Bist du bereit für die Zukunft?

bechtle-azubit.de ist unsere Website speziell für Azubis und alle, die es werden wollen. Ausgewählte Ausbildungsbotschafter von Bechtle, sogenannte „AZUBITs“, erstellen die Inhalte selbst. Hier kannst du dich orientieren und gründlich informieren. Viel Spaß beim Durchklicken!

Etwas Besonderes ist „Mein Bechtle Moment“. So heißt unsere Videoserie mit ganz persönlichen Erlebnissen, die zeigen, was Bechtle ausmacht. Du findest die Videos unter den jeweiligen Ausbildungsberufen und Studiengängen. Guck mal rein! Und vielleicht läuft dort auch mal dein Moment.

NEWS.

AZUBIT Emily | IT-Systemkaufmann/-frau | Systemhaus Bonn

Tschüss und auf Wiedersehen! – Meine letzten Tipps und Tricks.

Ein bisschen musste ich schon immer schmunzeln, wenn mal wieder jemand erzählte, wie schnell seine Ausbildungszeit doch vergangen war. Jetzt stehe ich am selben Punkt und schmunzle über mich, jedes Mal wenn ich jemandem erzähle, wie schnell meine Ausbildungszeit doch vergangen ist. Die Zeit ist wirklich verflogen, ich habe das Gefühl, die Einladung zum Vorstellungsgespräch hätte ich gestern erst bekommen. Doch jetzt bin ich fast am Ziel angelangt!

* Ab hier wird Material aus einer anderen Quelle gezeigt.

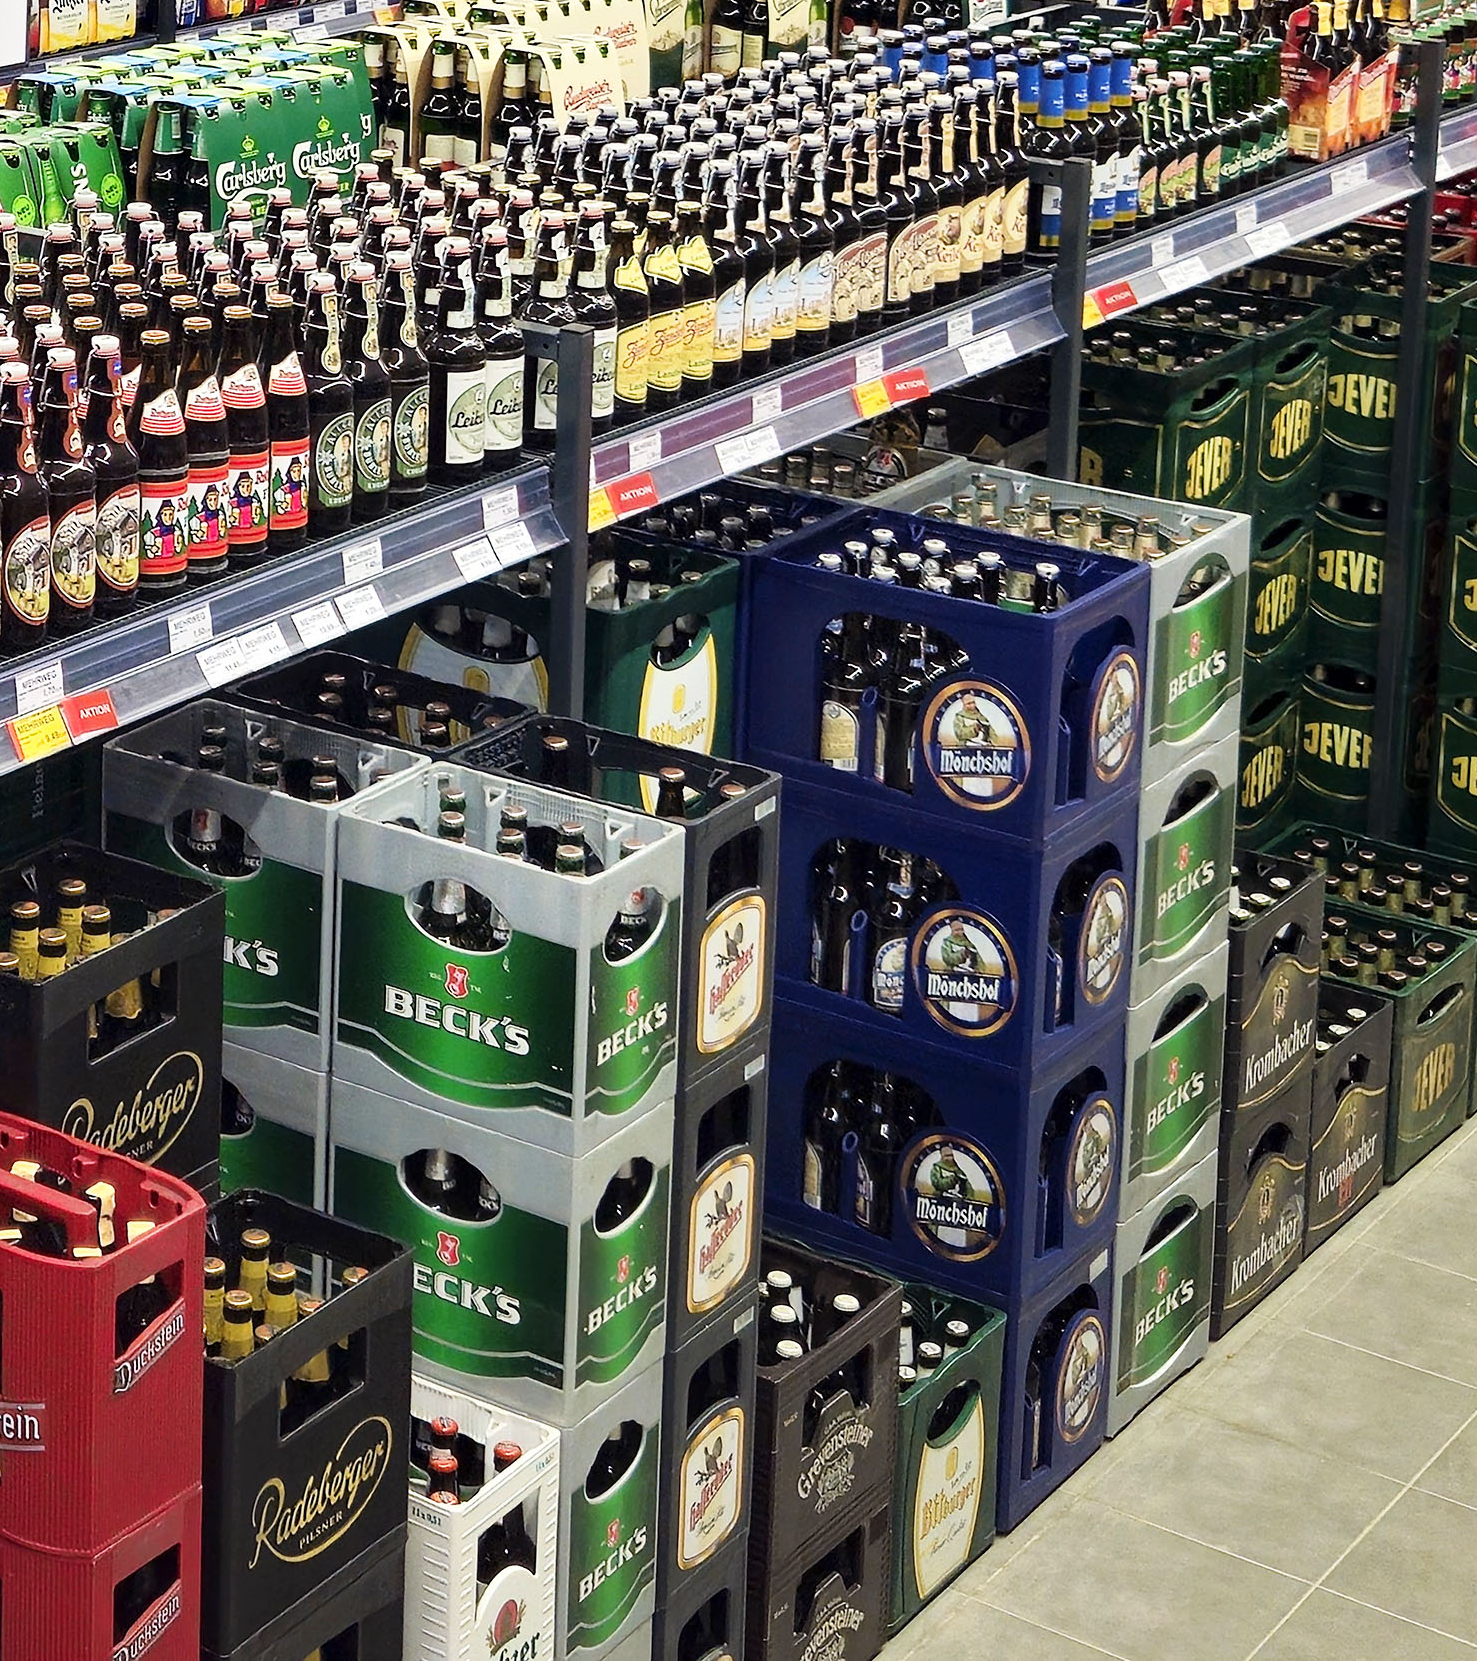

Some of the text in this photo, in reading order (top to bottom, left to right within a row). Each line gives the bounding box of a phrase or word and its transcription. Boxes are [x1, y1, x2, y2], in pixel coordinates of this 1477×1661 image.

Aber weil auch ich mal ganz am Anfang stand, weiß ich, dass es viele Fragen aufwirft, wenn man denn dann erfolgreich einen Ausbildungsplatz gefunden hat und es bald heißt: Der erste Arbeitstag steht an. Deswegen möchte ich euch heute ein paar grundlegende Tipps für den Start in die Ausbildung mit auf den Weg geben. Also let’s go!

 

Tipp 1:
Vorbereitung ist alles

Am Anfang der Ausbildung werdet Ihr mit vielen neuen Dingen konfrontiert. Ihr lernt viele neue Menschen, ein Unternehmen und den Arbeitsalltag kennen. Das alles kann einen gerade am Anfang schnell mal wie eine Welle überfluten, weshalb es wichtig ist, sich vorzubereiten um nicht vollkommen aus dem Konzept gerissen zu werden. Informiert euch im Vorfeld darüber, worauf großer Wert gelegt wird, eventuell auch ein paar Kennzahlen deiner neuen Arbeitsstelle oder ein Grundwissen über die Entstehung der Firma. Denn gerade diese kleinen Dinge zeigen sofort, dass du bereit bist, auch über die Arbeitszeit hinaus, engagiert zu sein. Und das macht immer einen super Eindruck!

Tipp 2:
Keine Angst vor Fehlern

Der größte Fehler ist es, Angst davor zu haben, Fehler zu machen. Warum? Ganz einfach: Es ist wichtig, Fehler zu machen, denn nur so kann man wirklich etwas lernen und es in Zukunft besser machen. Gerade am Anfang der Ausbildung geht niemand davon aus, dass Ihr perfekt seid und bereits alles könnt, denn dafür macht Ihr schließlich die Ausbildung. Wichtig ist: Entschuldigt euch für gemachte Fehler, so zeigt ihr Größe, erinnert euch beim nächsten Mal wieder dran und macht den Fehler kein zweites Mal.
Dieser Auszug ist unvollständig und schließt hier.